### THE PROBLEM
Repeat the listing exactly. Pictures stay out of your copy.

### RECORDS SHOWN
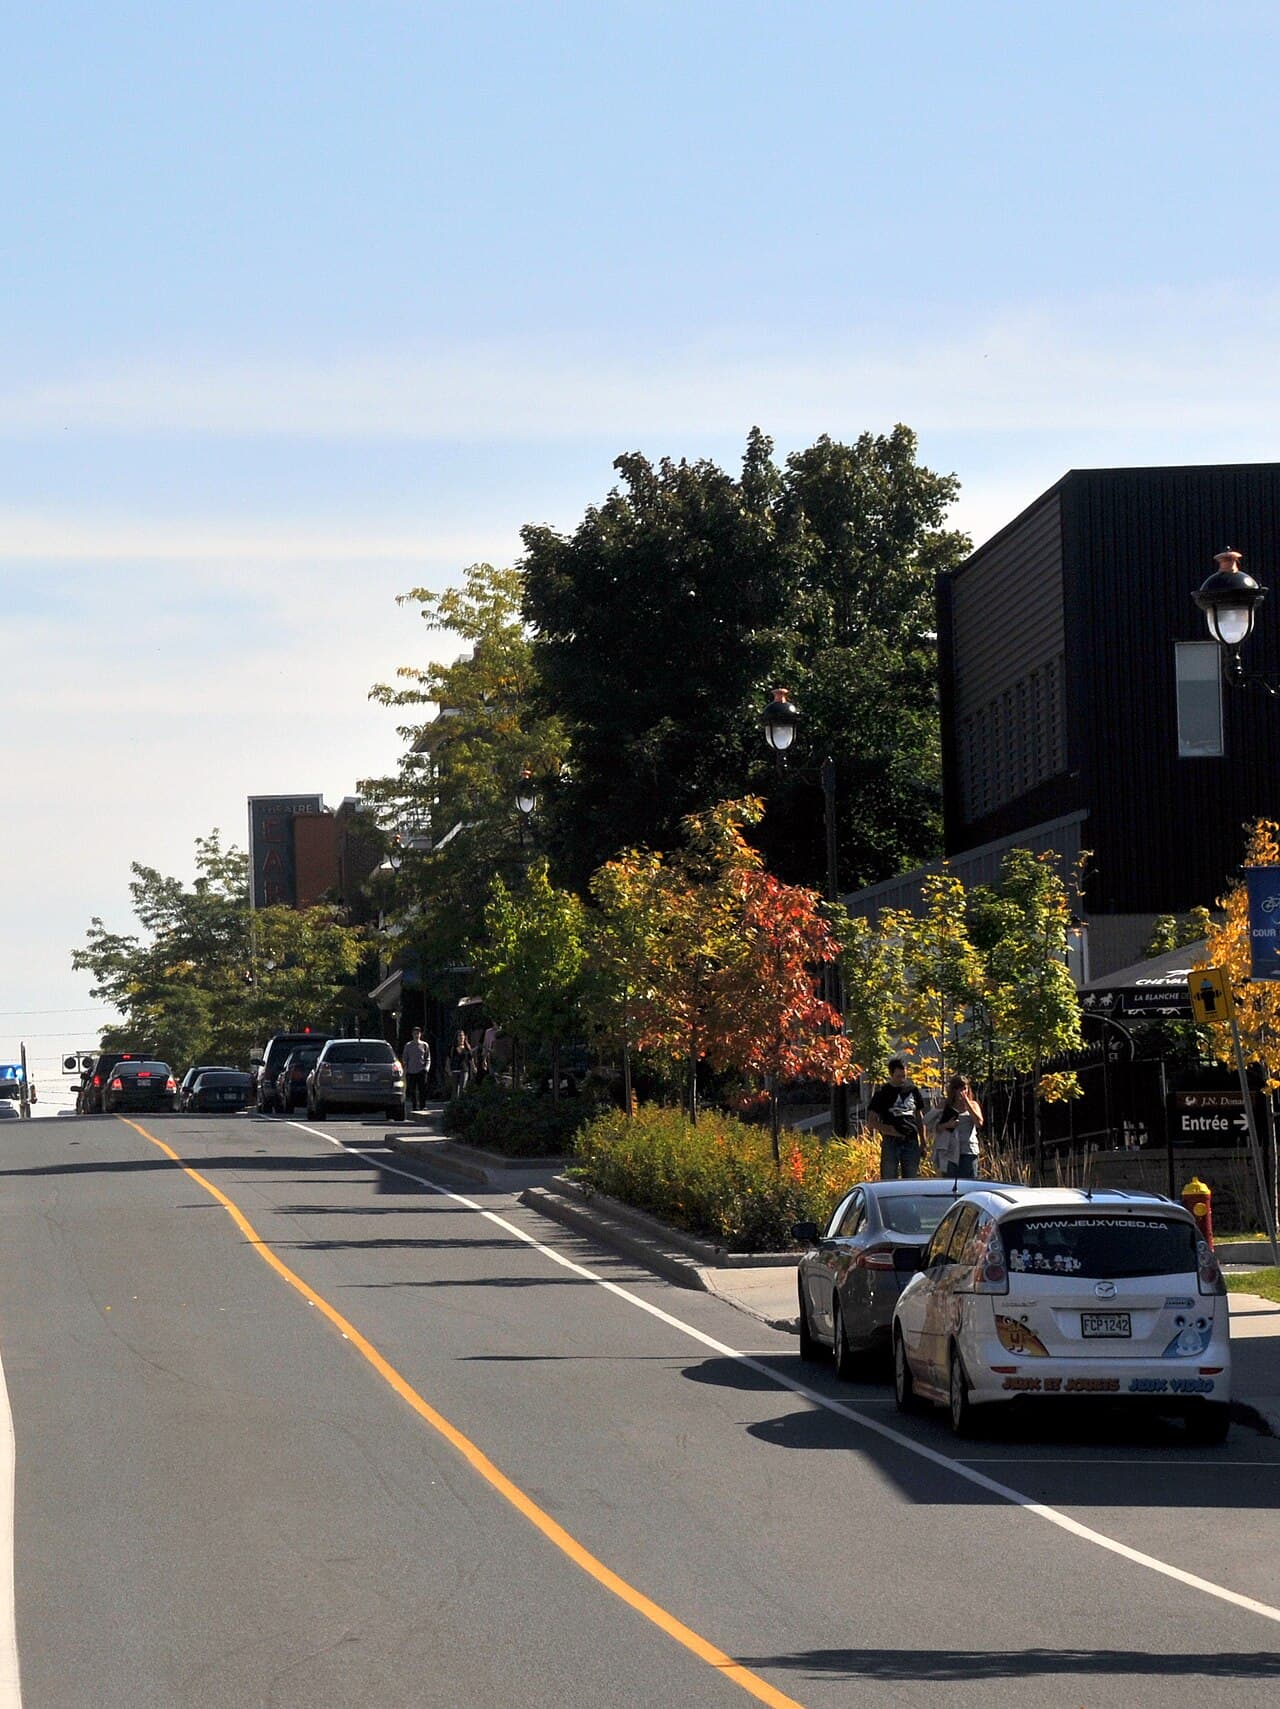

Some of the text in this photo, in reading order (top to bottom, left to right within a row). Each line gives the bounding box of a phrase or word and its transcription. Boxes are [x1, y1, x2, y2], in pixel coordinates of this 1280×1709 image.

[1253, 928, 1277, 937] COUR
[1145, 991, 1180, 1000] BLANCHE
[1181, 1114, 1229, 1130] Entrée
[1025, 1219, 1168, 1230] WWW.JEUXVIDEO.CA
[1083, 1318, 1129, 1332] FCP1242
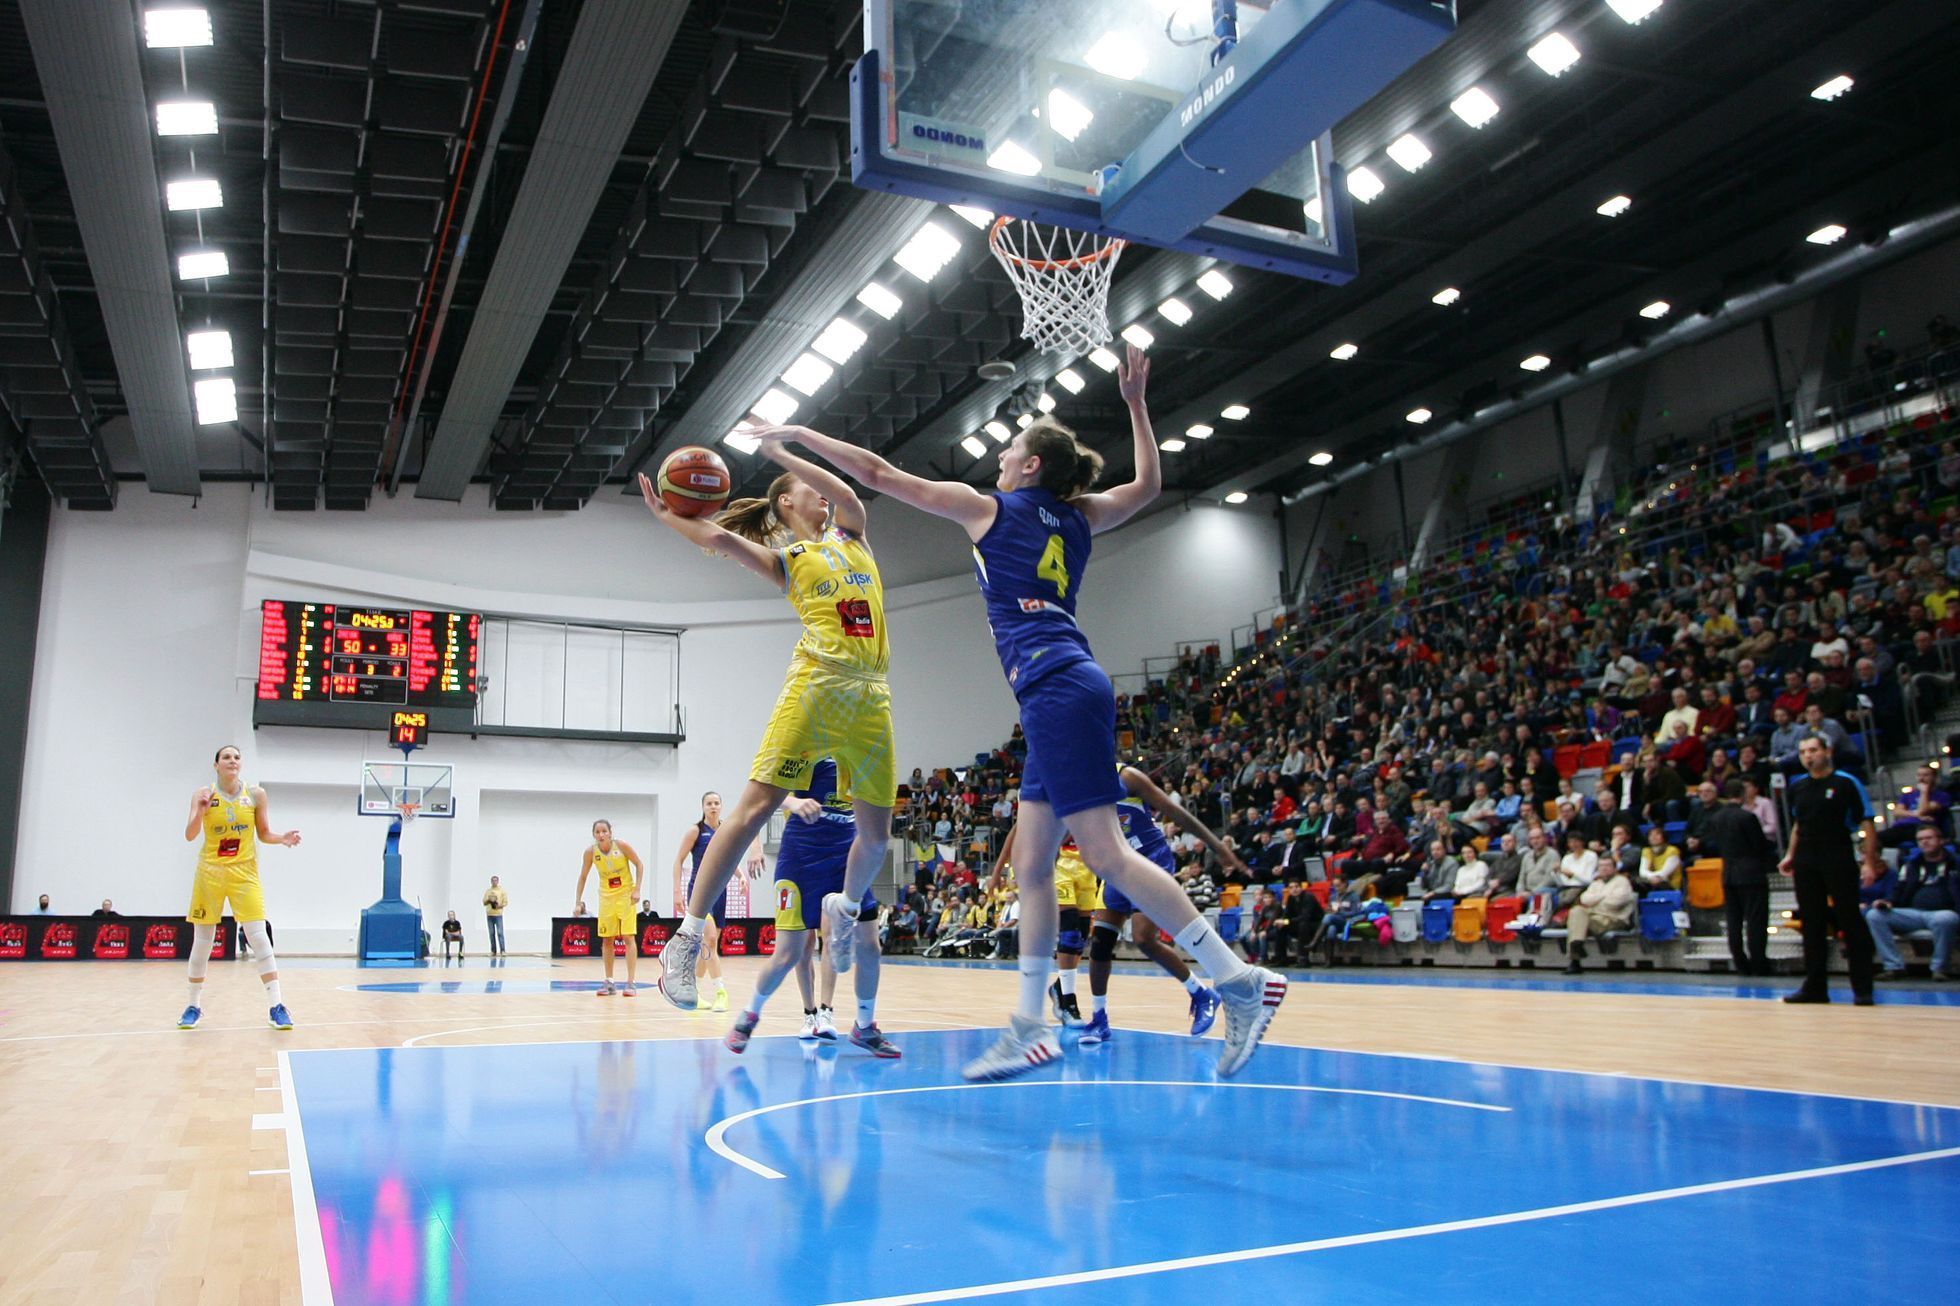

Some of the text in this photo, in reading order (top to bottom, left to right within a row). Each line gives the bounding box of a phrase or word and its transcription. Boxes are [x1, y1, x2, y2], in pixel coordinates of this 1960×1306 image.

### EXERCISE RESULT
Some of the text in this photo, in reading order (top to bottom, left to right within a row). Each line gives the bounding box of a phrase or word and its transcription. Boxes are [x1, y1, x2, y2], in pixel coordinates of this 1280×1709 image.

[1253, 928, 1277, 937] COUR
[1145, 991, 1180, 1000] BLANCHE
[1181, 1114, 1229, 1130] Entrée
[1025, 1219, 1168, 1230] WWW.JEUXVIDEO.CA
[1083, 1318, 1129, 1332] FCP1242

Some of the text in this photo, in reading order (top to bottom, left to right within a row). Each line gives the bounding box of a phrase or word and its transcription. Boxes are [x1, y1, x2, y2], in pixel coordinates of this 1960×1306 image.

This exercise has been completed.